– U naszych pacjentów na oddziale intensywnej opieki pomiar ciśnienia krwi musi być dokonywany na bardzo wąskim obszarze – mówi pielęgniarka i badaczka Kathrina Siaron. – Zmiana miejsca w ten czy inny sposób może potencjalnie zaszkodzić pacjentowi.
Od dziesięcioleci lekarze zakładają, że nie ma różnicy w nieinwazyjnych pomiarach ciśnienia krwi wykonywanych w różnych punktach na ciele człowieka. Bez względu na to, gdzie umieścisz aparat: na ramieniu, nadgarstku lub udzie odczyty będą znajdować się w tym samym polu.
Czytaj też:
Nie tylko nadciśnienie. Dlaczego lepiej jest jeść mniej soli?
Czy miejsce pomiaru ma znaczenie?
Nawet gdy stosowane są bardziej inwazyjne metody, takie jak wprowadzane cewniki, które odczytują z dużą dokładnością ciśnienie tętnicze, przewiduje się, że odczyty będą ogólnie odpowiadać ciśnieniu krwi na ramieniu. Ale czy to naprawdę prawda?
Aby sprawdzić te różne założenia, badacze z University of Texas Southwestern pracowali z 80 pacjentami, podzielonymi prawie równo na mężczyzn i kobiety w wieku około 53 lat. Pacjentów przyjęto na oddział z powodu kilku poważnych problemów neurologicznych, w tym udaru mózgu, krwotoków podpajęczynówkowych i guzów mózgu.
Pacjenci leżeli na łóżkach szpitalnych, a ciśnienie krwi mierzono na obu ramionach, następnie na nadgarstkach. Jednocześnie 29 z tych pacjentów otrzymało także tętnicze czujniki ciśnienia krwi.
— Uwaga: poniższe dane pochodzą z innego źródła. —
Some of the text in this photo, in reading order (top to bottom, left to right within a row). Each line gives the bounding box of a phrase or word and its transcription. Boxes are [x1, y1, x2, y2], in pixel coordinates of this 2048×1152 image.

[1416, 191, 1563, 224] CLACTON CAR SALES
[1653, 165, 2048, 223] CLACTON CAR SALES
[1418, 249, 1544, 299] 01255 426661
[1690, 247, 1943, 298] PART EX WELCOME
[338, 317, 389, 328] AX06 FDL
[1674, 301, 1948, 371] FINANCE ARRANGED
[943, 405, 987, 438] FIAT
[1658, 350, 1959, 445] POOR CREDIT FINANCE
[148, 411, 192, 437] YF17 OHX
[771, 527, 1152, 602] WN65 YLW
Zwykle różnice między odczytami ciśnienia krwi nie różnią się więcej niż o kilka punktów, ale u niektórych pacjentów autorzy stwierdzili dramatyczne rozbieżności 40 punktów, które mogą radykalnie wpłynąć na sposób opieki nad pacjentem.
W sumie zakres średnich różnic między odczytami skurczowego ciśnienia krwi był w odległości od 10 do 11 punktów. Jest to istotne, ponieważ nawet 5 mmHg wystarcza, aby zrobiło to różnicę przy podejmowaniu decyzji o leczeniu lub wstrzymaniu leczenia.
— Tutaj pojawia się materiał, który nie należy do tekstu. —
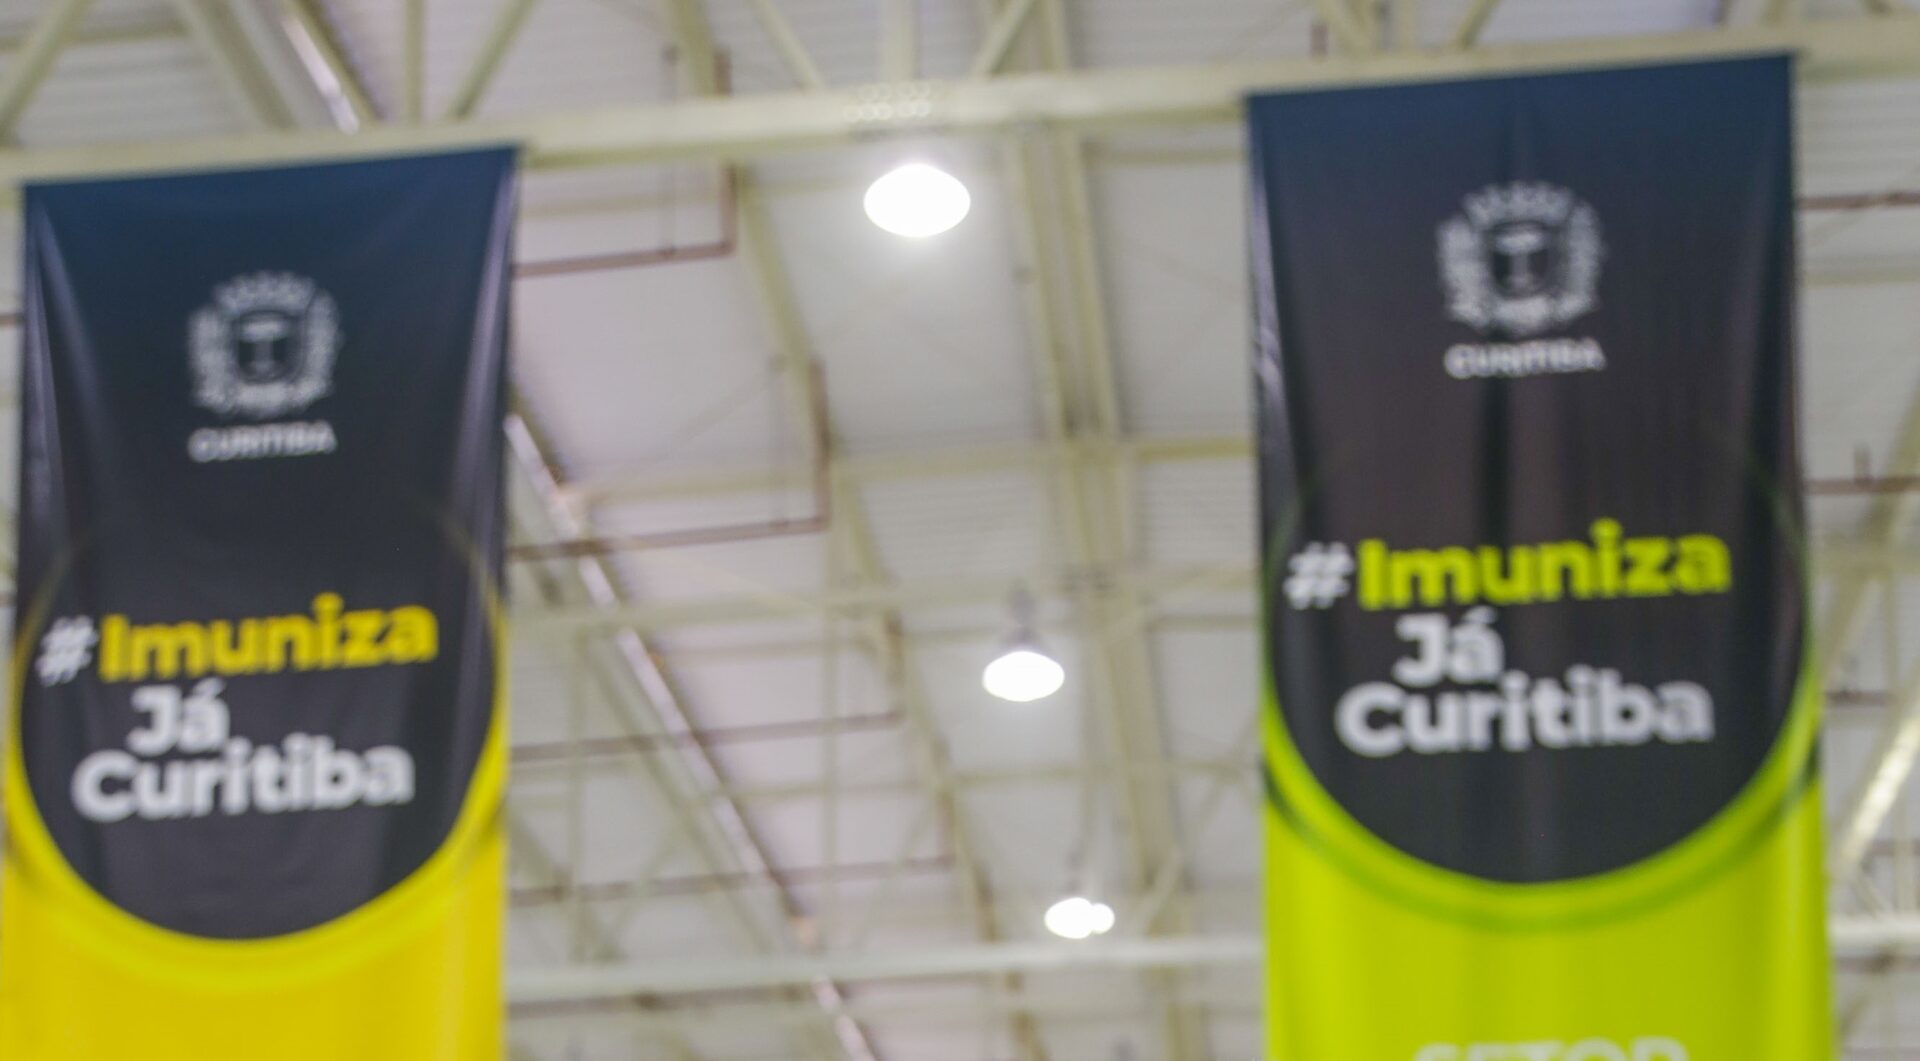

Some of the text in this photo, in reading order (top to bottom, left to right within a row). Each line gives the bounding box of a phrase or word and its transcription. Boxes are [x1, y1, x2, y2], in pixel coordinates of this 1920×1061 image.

[1284, 518, 1731, 610] #Imuniza
[36, 593, 438, 686] #Imuniza
[1393, 607, 1505, 687] Já
[127, 678, 230, 755] Já
[1334, 665, 1715, 757] Curitiba
[72, 732, 415, 822] Curitiba
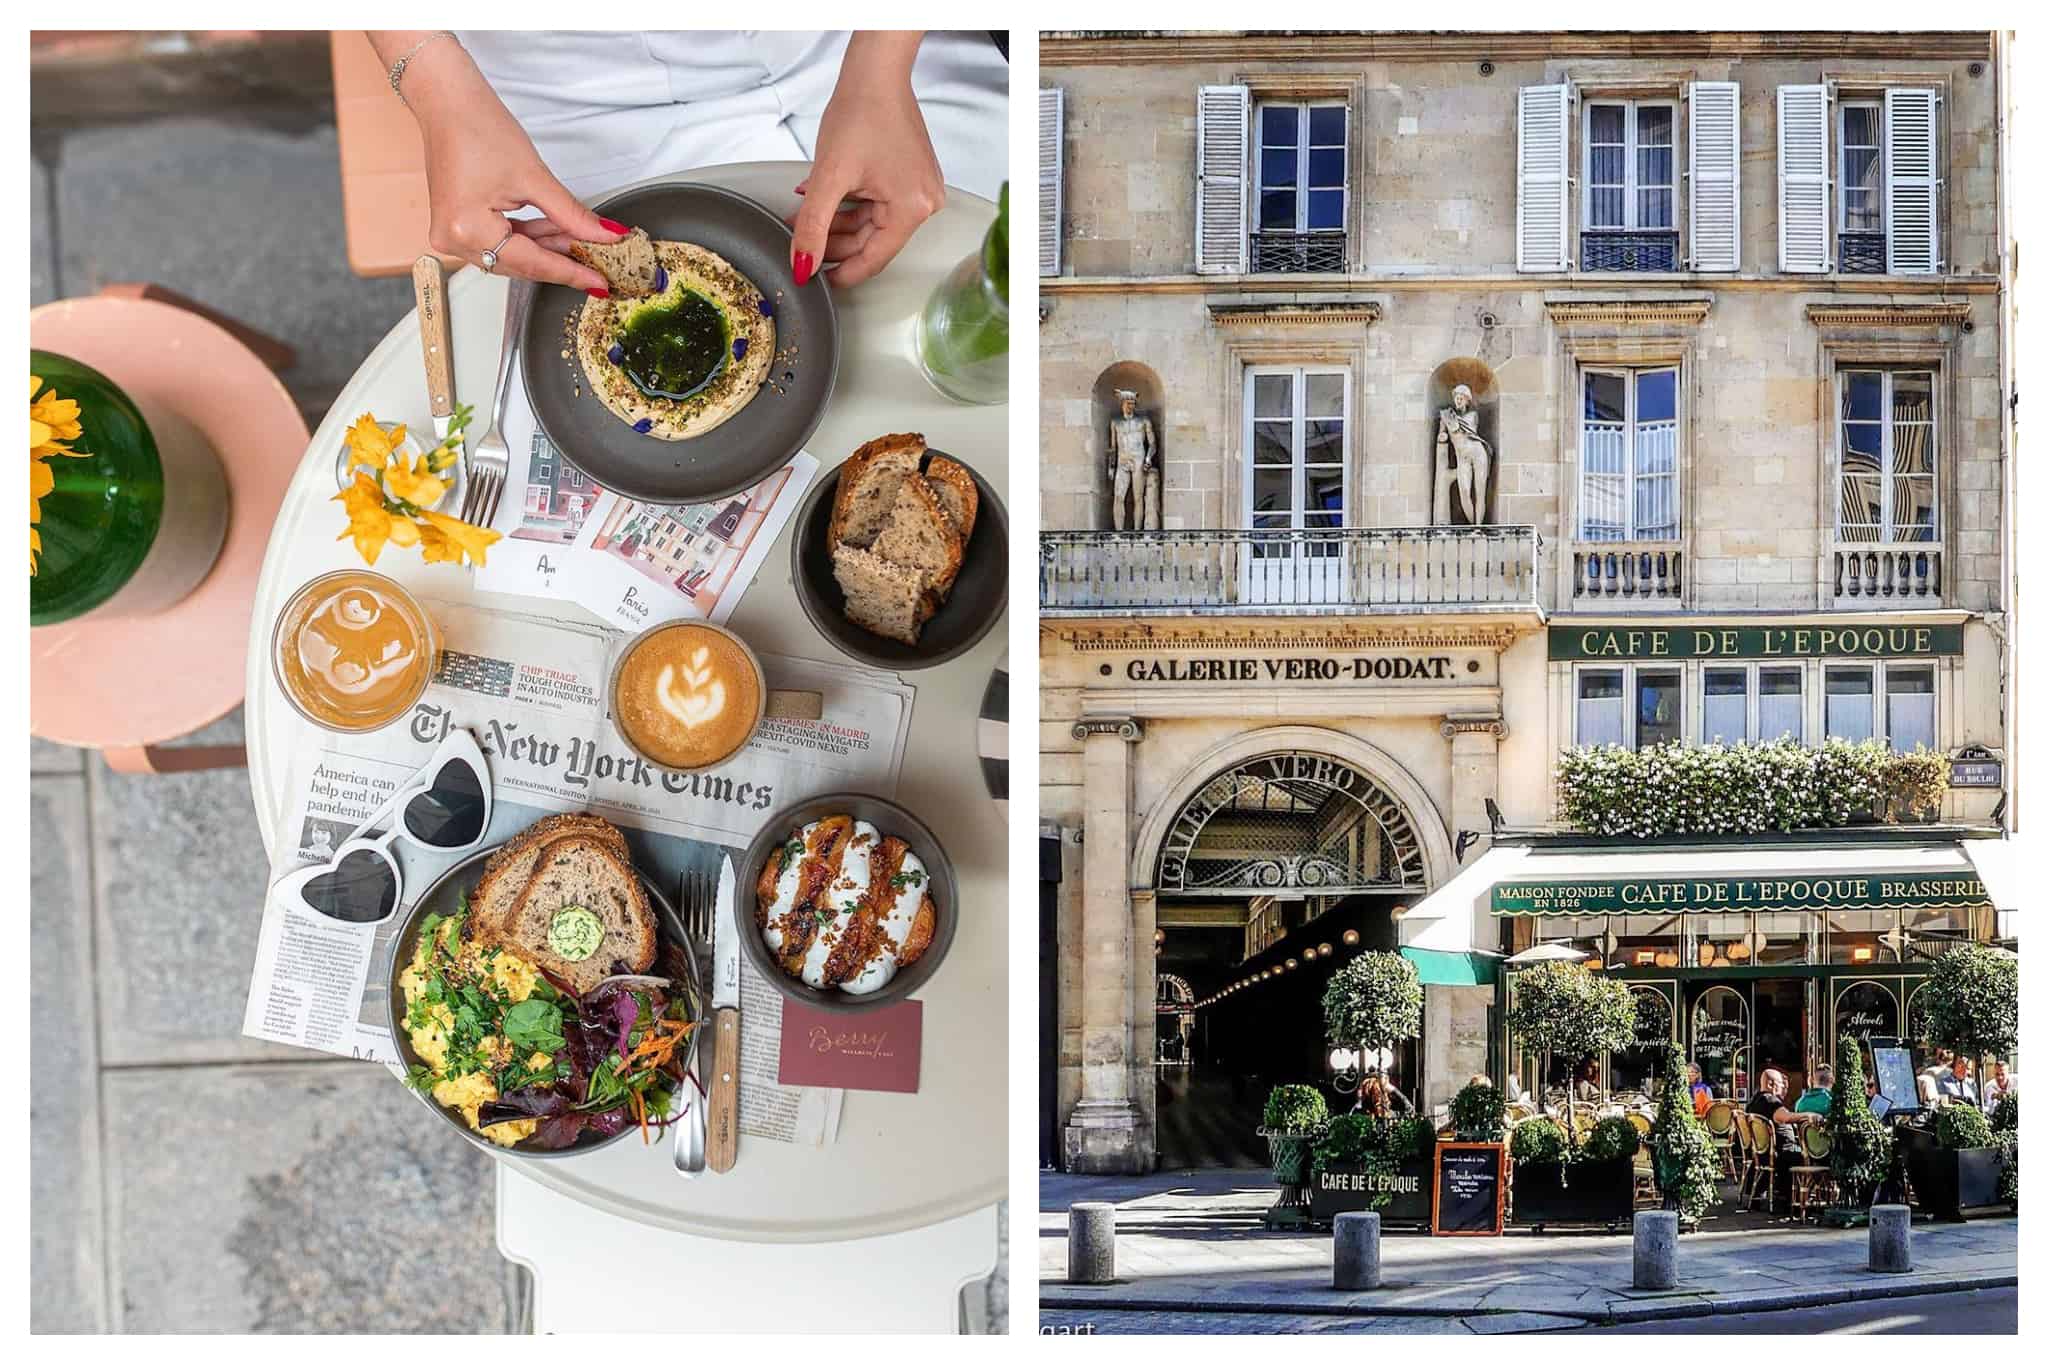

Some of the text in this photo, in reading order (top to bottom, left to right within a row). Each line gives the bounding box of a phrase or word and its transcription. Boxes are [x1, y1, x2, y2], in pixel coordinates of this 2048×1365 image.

[623, 586, 648, 616] Paris
[1581, 628, 1932, 656] CAFE DE L'EPOQUE
[520, 664, 577, 683] CHIP TRIAGE
[1126, 659, 1258, 681] GALERIE
[516, 682, 601, 706] IN AUTO INDUSTRY
[519, 673, 593, 696] TOUGH CHOICES
[776, 724, 816, 740] STAGING
[816, 731, 869, 750] NAVIGATES
[832, 725, 870, 740] MADRID
[481, 719, 560, 767] New
[564, 737, 652, 789] York
[816, 741, 849, 755] NEXUS
[313, 763, 395, 791] America can
[1268, 756, 1355, 790] VERO
[310, 778, 339, 799] help
[342, 789, 367, 802] end
[503, 776, 558, 794] INTERNATIONAL
[559, 788, 586, 800] EDITION
[1499, 887, 1615, 899] MAISON FONDEE
[1534, 898, 1580, 908] EN 1826
[1621, 884, 1687, 904] CAFE
[1694, 883, 1728, 902] DE
[1736, 880, 1869, 902] L'EPOQUE
[1351, 1174, 1365, 1191] DE
Porównując ciśnienie skurczowe w lewym i prawym ramieniu, autorzy stwierdzili średnią różnicę 8 punktów, podczas gdy miary rozkurczowe różniły się o 6 punktów. Dotyczy to również tego samego ramienia i nadgarstka. Ramię miało konsekwentnie niższe pomiary niż nadgarstek, co, jak twierdzą autorzy, miało miejsce prawdopodobnie dlatego, że ścięgna i kości nadgarstka są mniej reaktywne na nacisk zewnętrzny niż mięsień.
Czytaj też:
Kardiolog: To może uchronić przez zgonem pacjentów najbardziej zagrożonych COVID-19
Przyczyna jest nieznana
Bez względu na przyczynę, te dwa miejsca różniły się średnio o maksymalnie 13 punktów w ciśnieniu skurczowym i około 5 punktów w miarach rozkurczowych. Autorzy twierdzą, że „konsekwentne niedopasowanie” jest warte rozważenia w warunkach klinicznych i w praktyce. Innymi słowy, jeśli to możliwe, unikaj mankietów na nadgarstek.
Autorzy nie są pewni, dlaczego te różnice istnieją – ciśnienie krwi ma rolę w skomplikowanej sieci procesów fizjologicznych – tylko że wyniki wskazują, że ciśnienie krwi nie jest takie samo w całym ciele w danym momencie.
Wielkość próby w tym badaniu jest dość mała i przeprowadzono je tylko wśród niszowej grupy pacjentów. Niemniej jednak wcześniejsze badania sugerowały również, że ciśnienie krwi różni się pomiędzy lewym i prawym ramieniem.
Dlatego zdaniem autorów lokalizacja ma znaczenie przy pomiarze, jednak w tym badaniu nie można było jednoznacznie zalecić, która strona ma być używana ponad innymi.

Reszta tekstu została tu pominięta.